* EXERCISE: All of the data that follows should be retyped exactly, please, except the pictures.

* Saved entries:

################

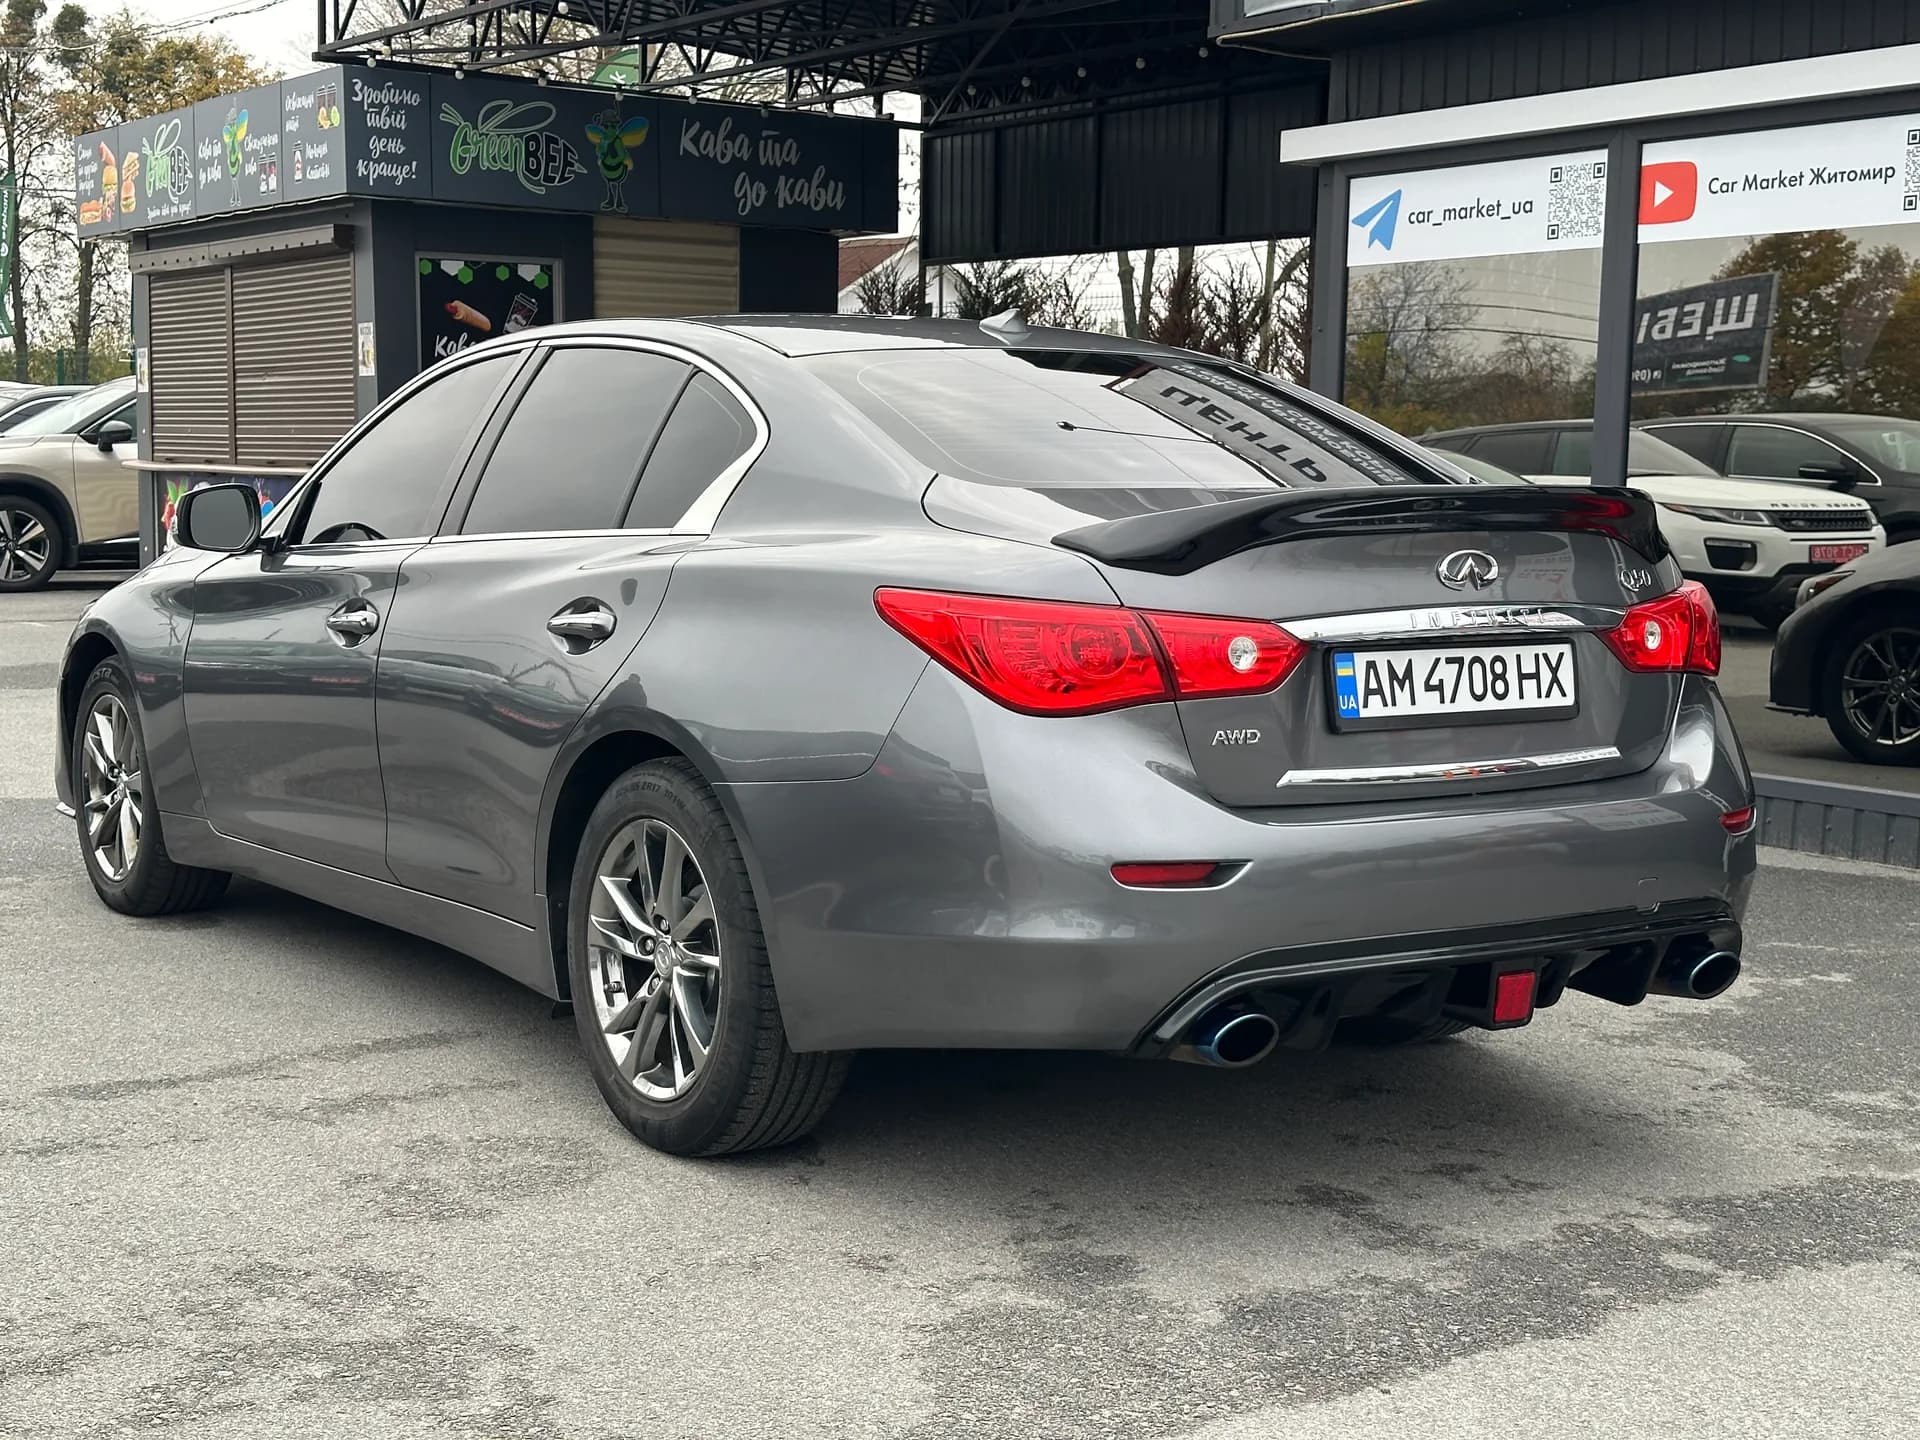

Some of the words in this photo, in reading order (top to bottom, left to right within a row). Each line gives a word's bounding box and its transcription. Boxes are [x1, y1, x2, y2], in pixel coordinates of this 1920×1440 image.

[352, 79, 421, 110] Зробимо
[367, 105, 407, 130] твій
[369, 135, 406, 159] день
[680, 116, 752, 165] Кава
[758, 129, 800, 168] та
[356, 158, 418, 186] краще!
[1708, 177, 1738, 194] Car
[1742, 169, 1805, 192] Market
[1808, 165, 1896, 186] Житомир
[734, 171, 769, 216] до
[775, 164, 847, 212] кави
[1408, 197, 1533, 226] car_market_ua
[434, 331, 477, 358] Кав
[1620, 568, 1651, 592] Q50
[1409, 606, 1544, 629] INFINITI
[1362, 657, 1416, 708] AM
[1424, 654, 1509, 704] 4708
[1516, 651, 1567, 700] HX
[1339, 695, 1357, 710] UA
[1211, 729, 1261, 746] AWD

################

* REPLY:
Some of the words in this photo, in reading order (top to bottom, left to right within a row). Each line gives a word's bounding box and its transcription. Boxes are [x1, y1, x2, y2], in pixel coordinates of this 1920×1440 image.

[352, 79, 421, 110] Зробимо
[367, 105, 407, 130] твій
[369, 135, 406, 159] день
[680, 116, 752, 165] Кава
[758, 129, 800, 168] та
[356, 158, 418, 186] краще!
[1708, 177, 1738, 194] Car
[1742, 169, 1805, 192] Market
[1808, 165, 1896, 186] Житомир
[734, 171, 769, 216] до
[775, 164, 847, 212] кави
[1408, 197, 1533, 226] car_market_ua
[434, 331, 477, 358] Кав
[1620, 568, 1651, 592] Q50
[1409, 606, 1544, 629] INFINITI
[1362, 657, 1416, 708] AM
[1424, 654, 1509, 704] 4708
[1516, 651, 1567, 700] HX
[1339, 695, 1357, 710] UA
[1211, 729, 1261, 746] AWD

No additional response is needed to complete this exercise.